Requirement:
Images excluded, return every record exactly as it reads.

********

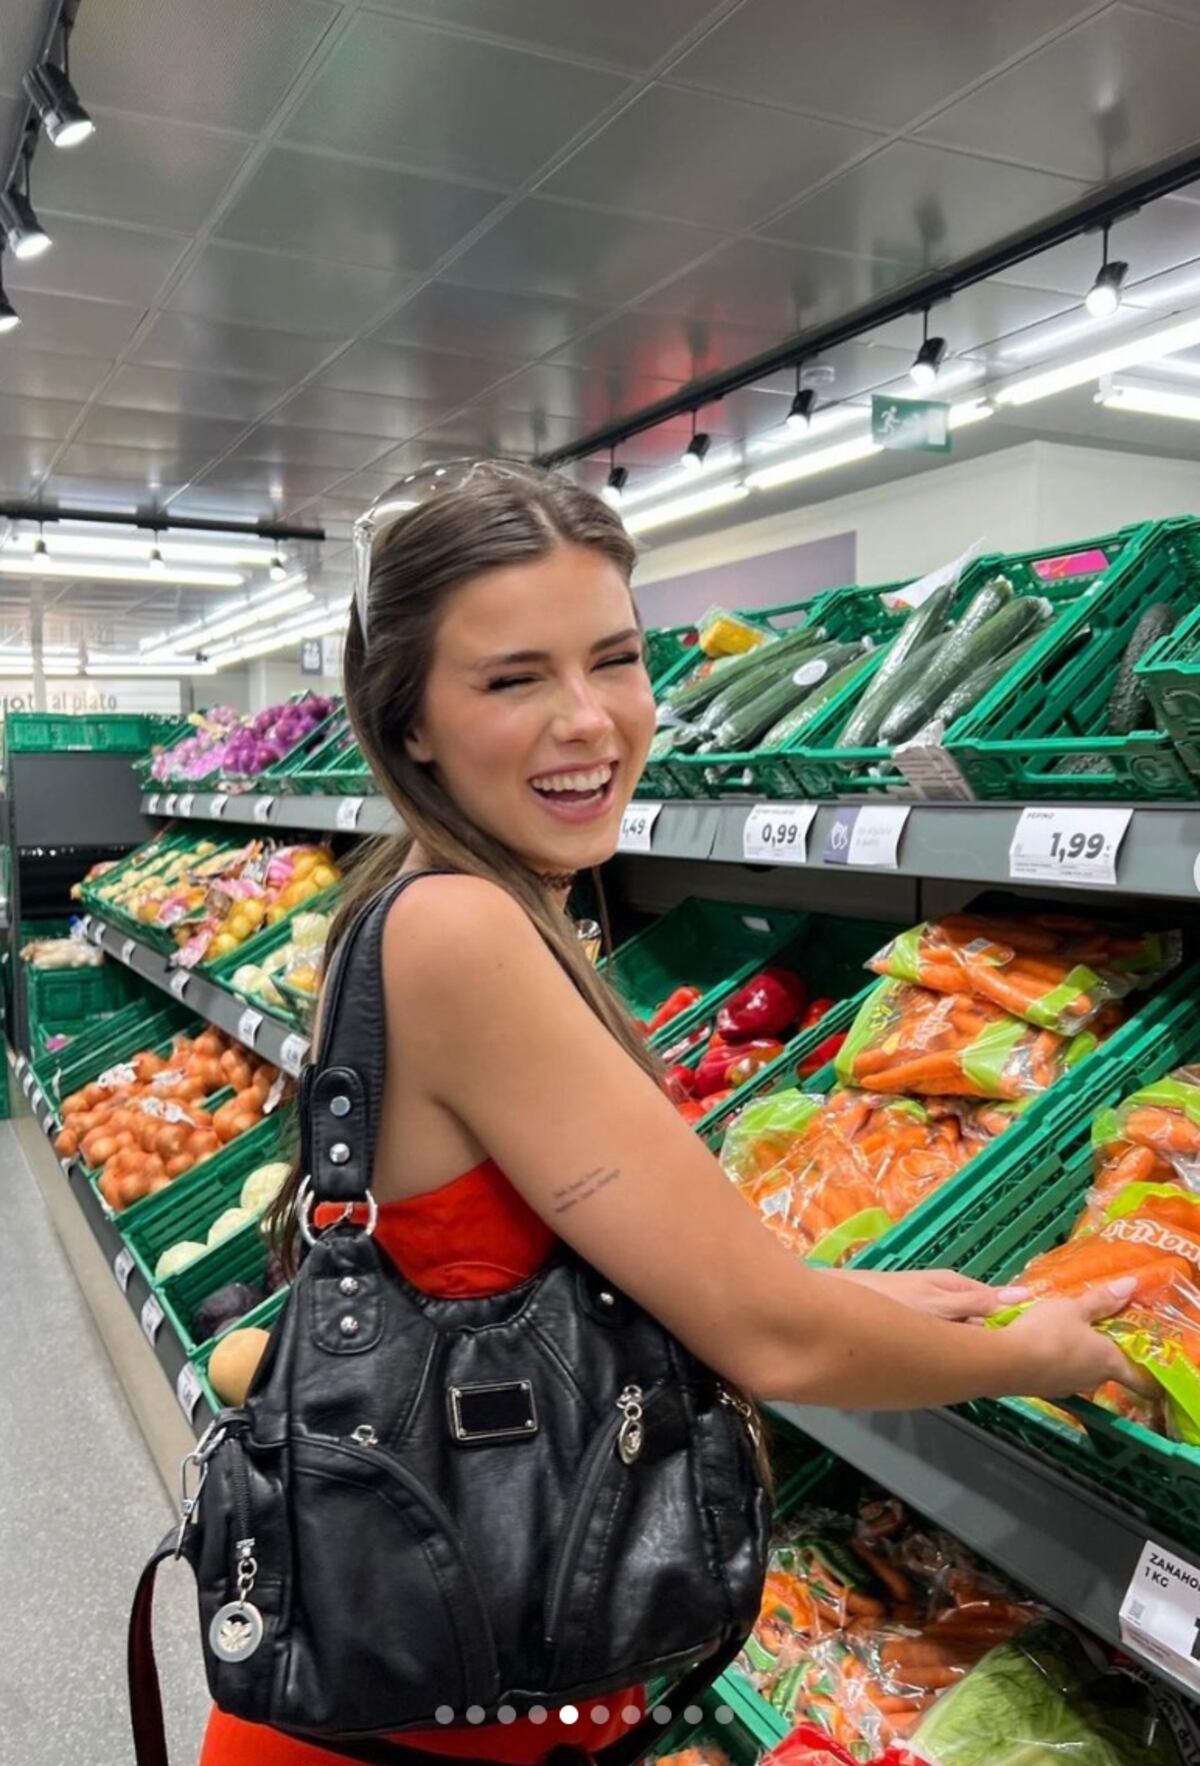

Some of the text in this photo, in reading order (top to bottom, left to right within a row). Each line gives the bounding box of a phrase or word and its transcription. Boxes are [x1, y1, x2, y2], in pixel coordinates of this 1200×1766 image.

[72, 691, 117, 714] plato
[762, 823, 798, 847] 0,99
[1050, 831, 1105, 862] 1,99
[1100, 1218, 1200, 1270] HORIAS
[1145, 1566, 1169, 1588] 1 KG
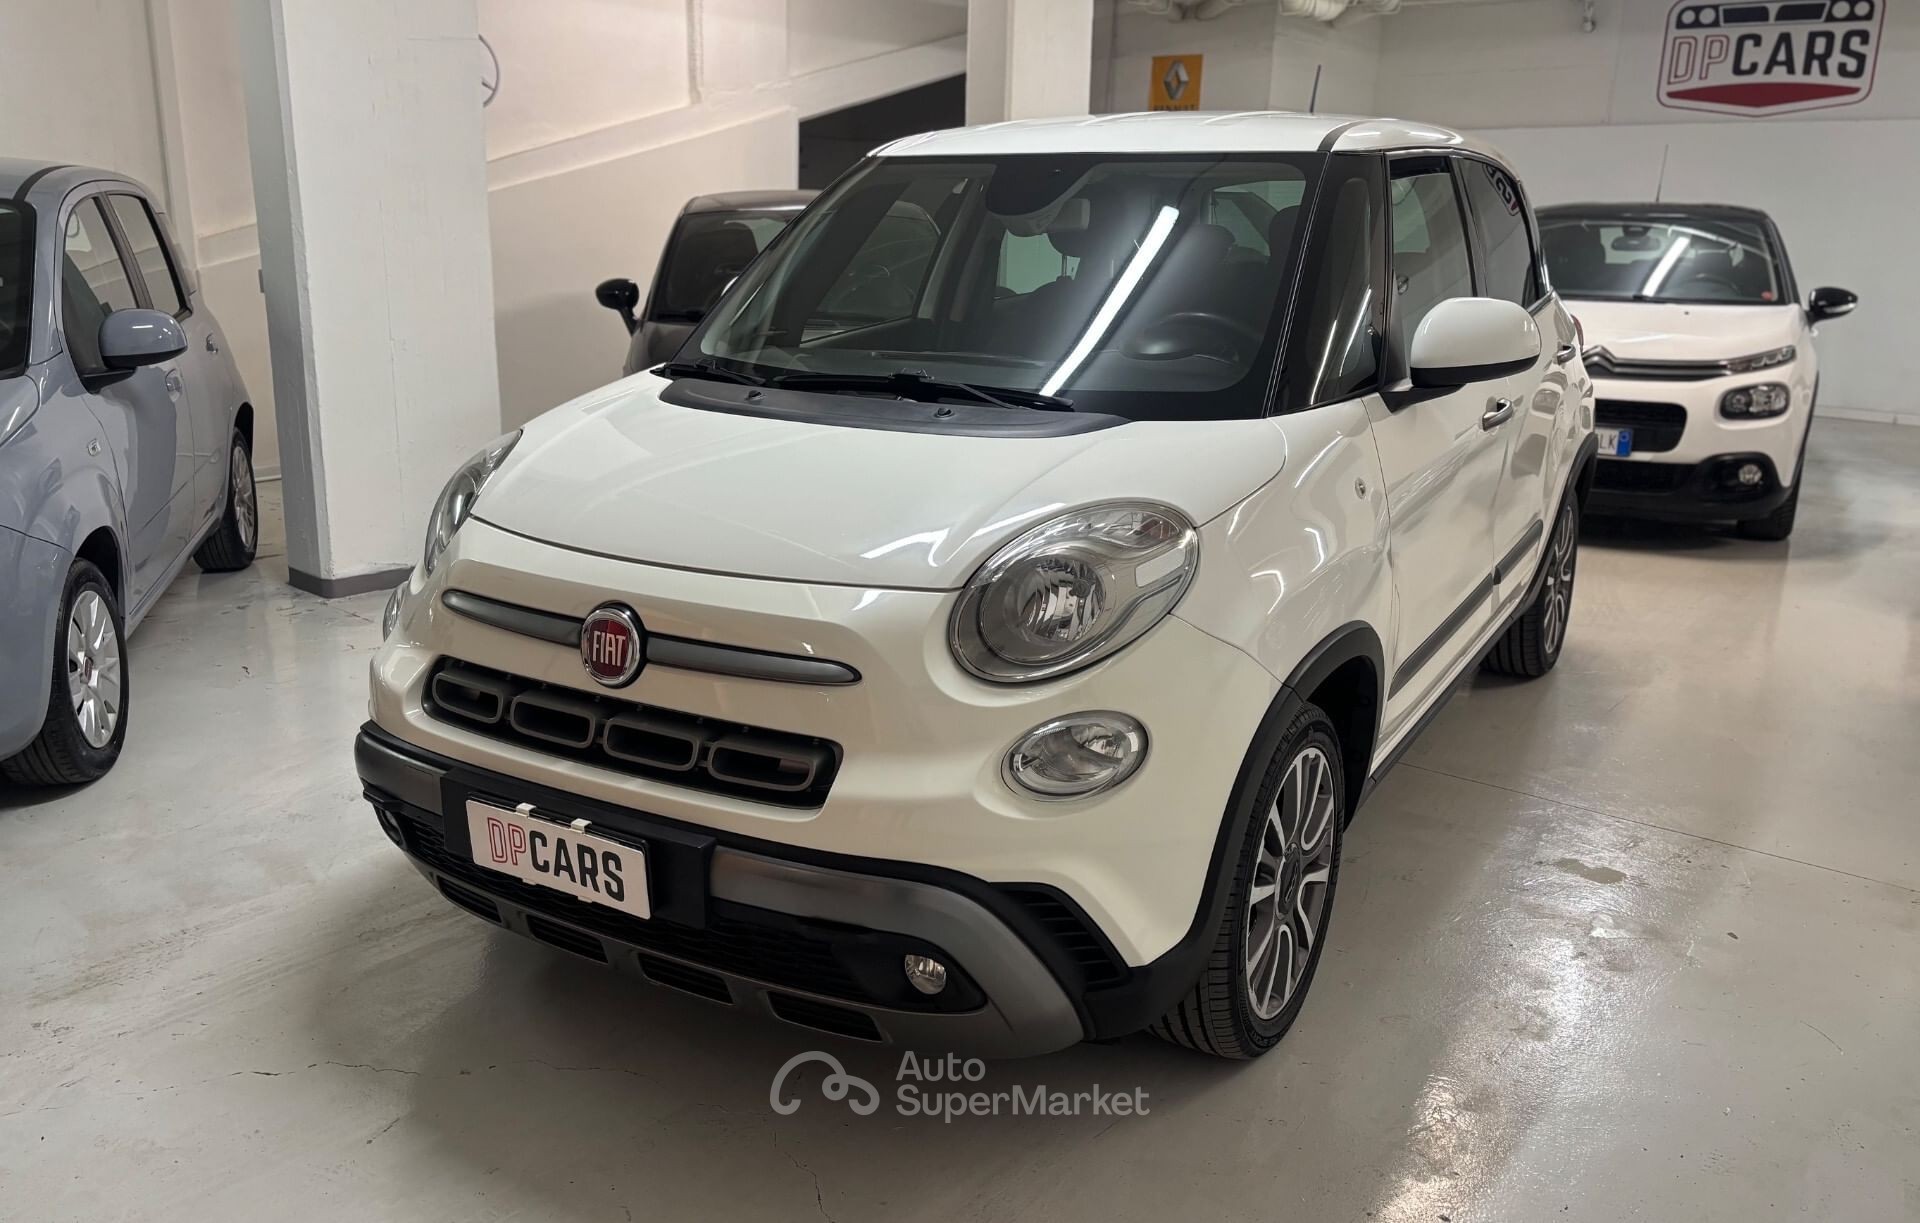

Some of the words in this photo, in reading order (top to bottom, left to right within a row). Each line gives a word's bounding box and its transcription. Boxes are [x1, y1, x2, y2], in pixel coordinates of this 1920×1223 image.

[1667, 29, 1870, 85] DPCARS
[592, 630, 626, 667] FIAT
[487, 817, 625, 902] DPCARS

********

Task response:
Some of the text in this photo, in reading order (top to bottom, left to right within a row). Each line gives the bounding box of a phrase or word and its transcription. Boxes are [x1, y1, x2, y2], in pixel coordinates of this 1200×1766 image.

[72, 691, 117, 714] plato
[762, 823, 798, 847] 0,99
[1050, 831, 1105, 862] 1,99
[1100, 1218, 1200, 1270] HORIAS
[1145, 1566, 1169, 1588] 1 KG

Some of the words in this photo, in reading order (top to bottom, left to right within a row). Each line gives a word's bounding box and its transcription. Boxes are [x1, y1, x2, y2], in pixel coordinates of this 1920×1223 image.

[1667, 29, 1870, 85] DPCARS
[592, 630, 626, 667] FIAT
[487, 817, 625, 902] DPCARS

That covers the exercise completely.